DIRECTIONS FOR THIS TASK:
Restate all the lines below word for word, but omit the pictures.

THE DATA:
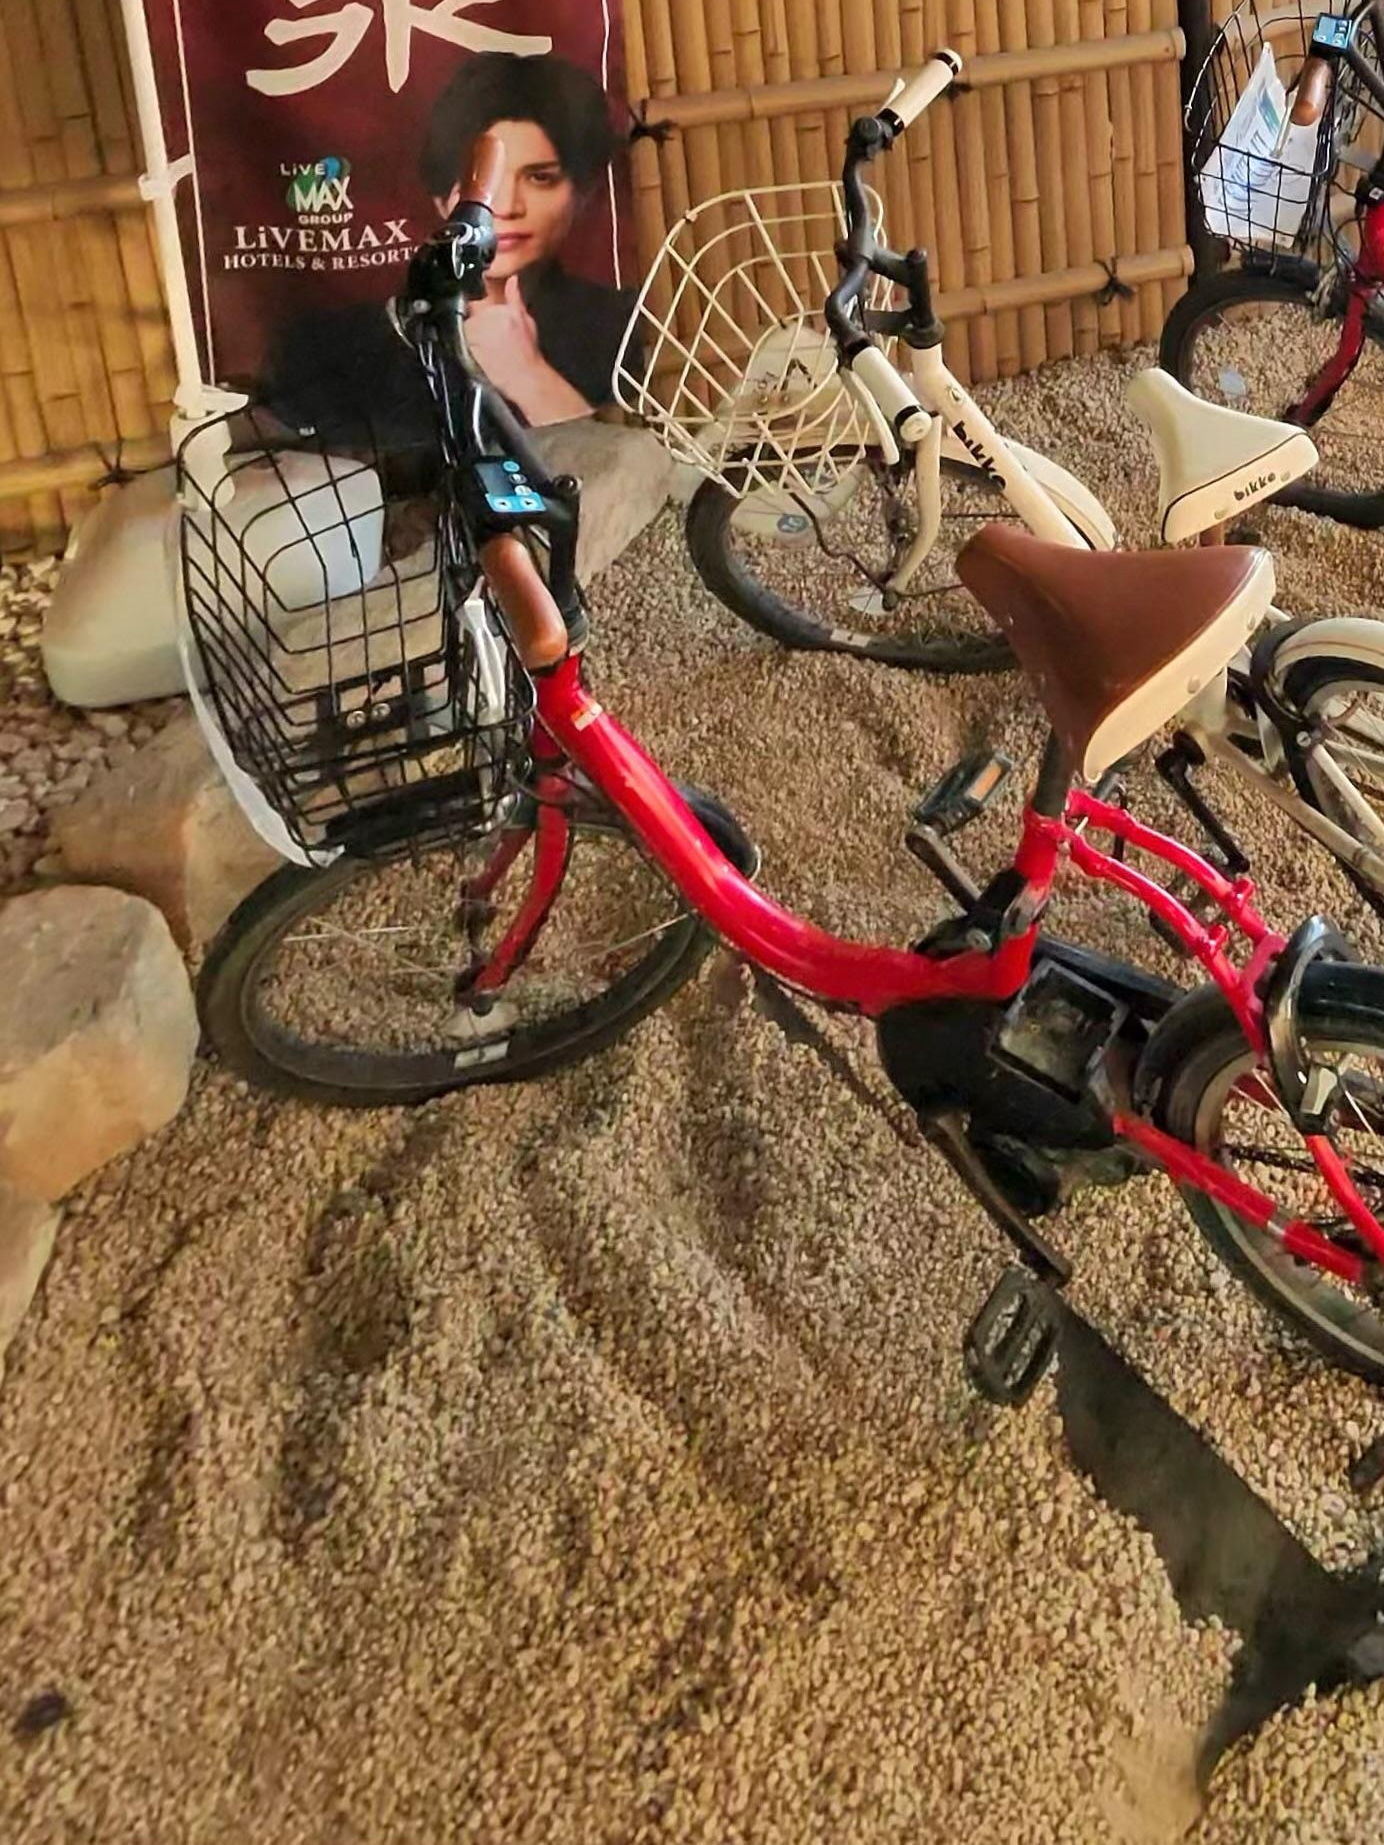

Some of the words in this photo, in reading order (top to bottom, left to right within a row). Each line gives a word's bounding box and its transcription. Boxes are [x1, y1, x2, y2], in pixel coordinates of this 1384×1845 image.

[294, 175, 354, 212] MAX
[298, 212, 354, 225] GROUP
[224, 253, 306, 269] HOTELS
[311, 257, 326, 271] &
[332, 245, 419, 270] RESORT
[1233, 472, 1276, 501] bikke
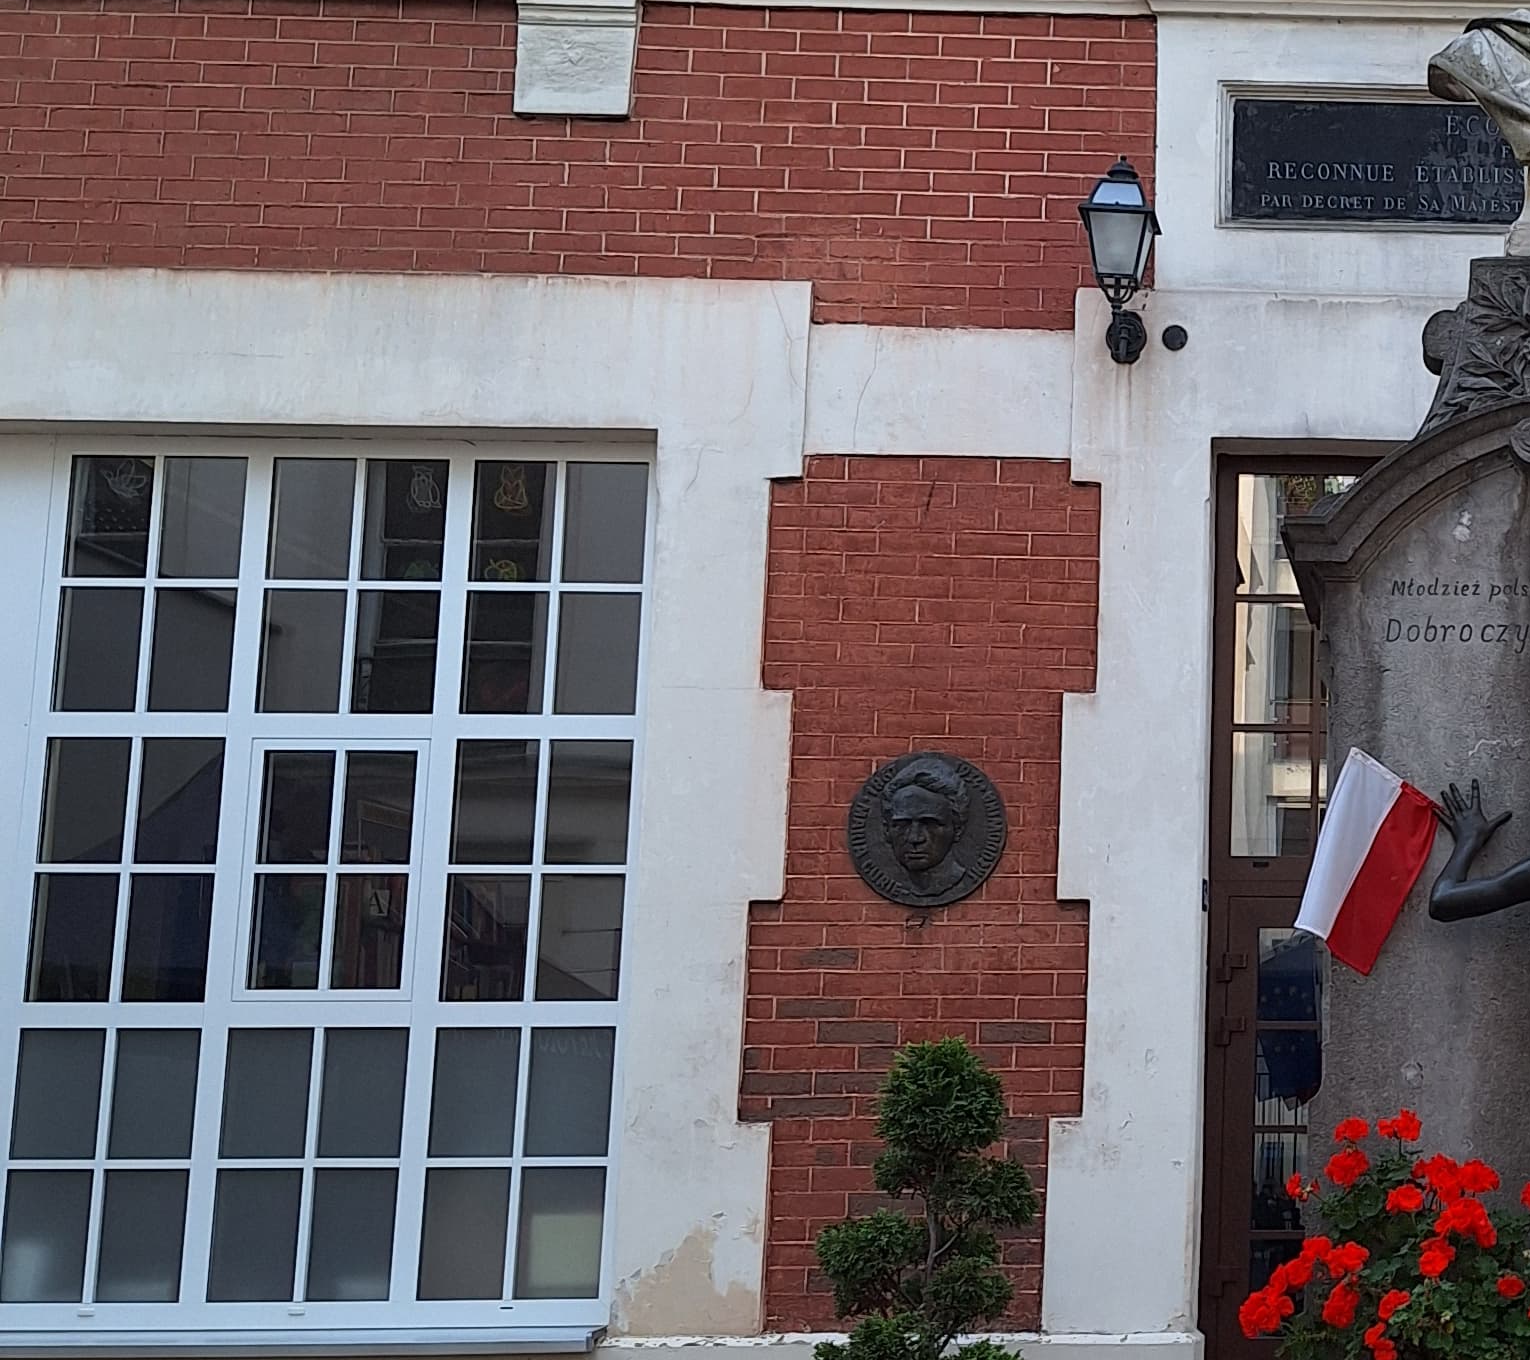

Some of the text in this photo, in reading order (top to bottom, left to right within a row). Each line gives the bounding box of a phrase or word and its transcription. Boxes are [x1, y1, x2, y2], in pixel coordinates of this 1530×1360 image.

[1267, 161, 1395, 182] RECONNUE
[1261, 194, 1293, 208] PAR
[1383, 197, 1407, 210] DE
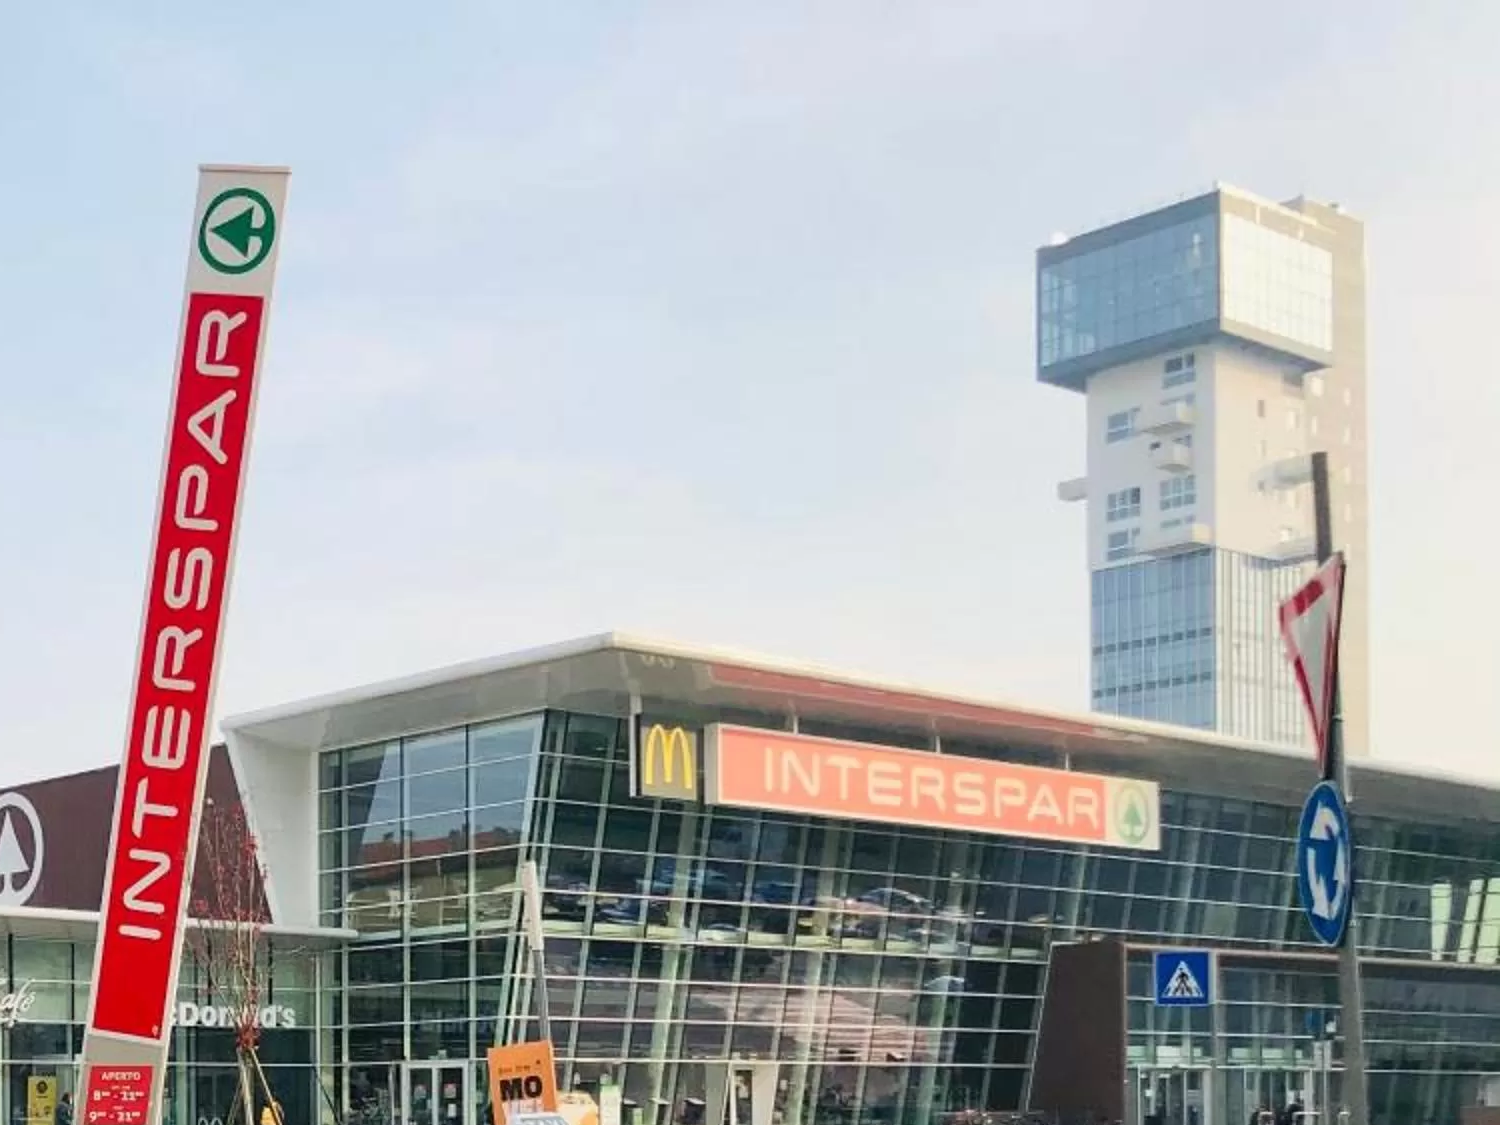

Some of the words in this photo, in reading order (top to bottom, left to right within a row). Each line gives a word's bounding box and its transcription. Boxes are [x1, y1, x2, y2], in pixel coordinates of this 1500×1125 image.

[118, 308, 247, 940] INTERSPAR
[764, 746, 1100, 830] INTERSPAR
[101, 1072, 141, 1081] APERTO

TASK RESPONSE:
Some of the words in this photo, in reading order (top to bottom, left to right within a row). Each line gives a word's bounding box and its transcription. Boxes are [x1, y1, x2, y2], in pixel coordinates of this 1384×1845 image.

[294, 175, 354, 212] MAX
[298, 212, 354, 225] GROUP
[224, 253, 306, 269] HOTELS
[311, 257, 326, 271] &
[332, 245, 419, 270] RESORT
[1233, 472, 1276, 501] bikke

Some of the text in this photo, in reading order (top to bottom, left to right within a row). Each line gives the bounding box of a phrase or word and its transcription. Boxes are [x1, y1, x2, y2], in pixel coordinates of this 1530×1360 image.

[1267, 161, 1395, 182] RECONNUE
[1261, 194, 1293, 208] PAR
[1383, 197, 1407, 210] DE

Some of the words in this photo, in reading order (top to bottom, left to right within a row). Each line gives a word's bounding box and its transcription. Boxes are [x1, y1, x2, y2], in pixel coordinates of this 1500×1125 image.

[118, 308, 247, 940] INTERSPAR
[764, 746, 1100, 830] INTERSPAR
[101, 1072, 141, 1081] APERTO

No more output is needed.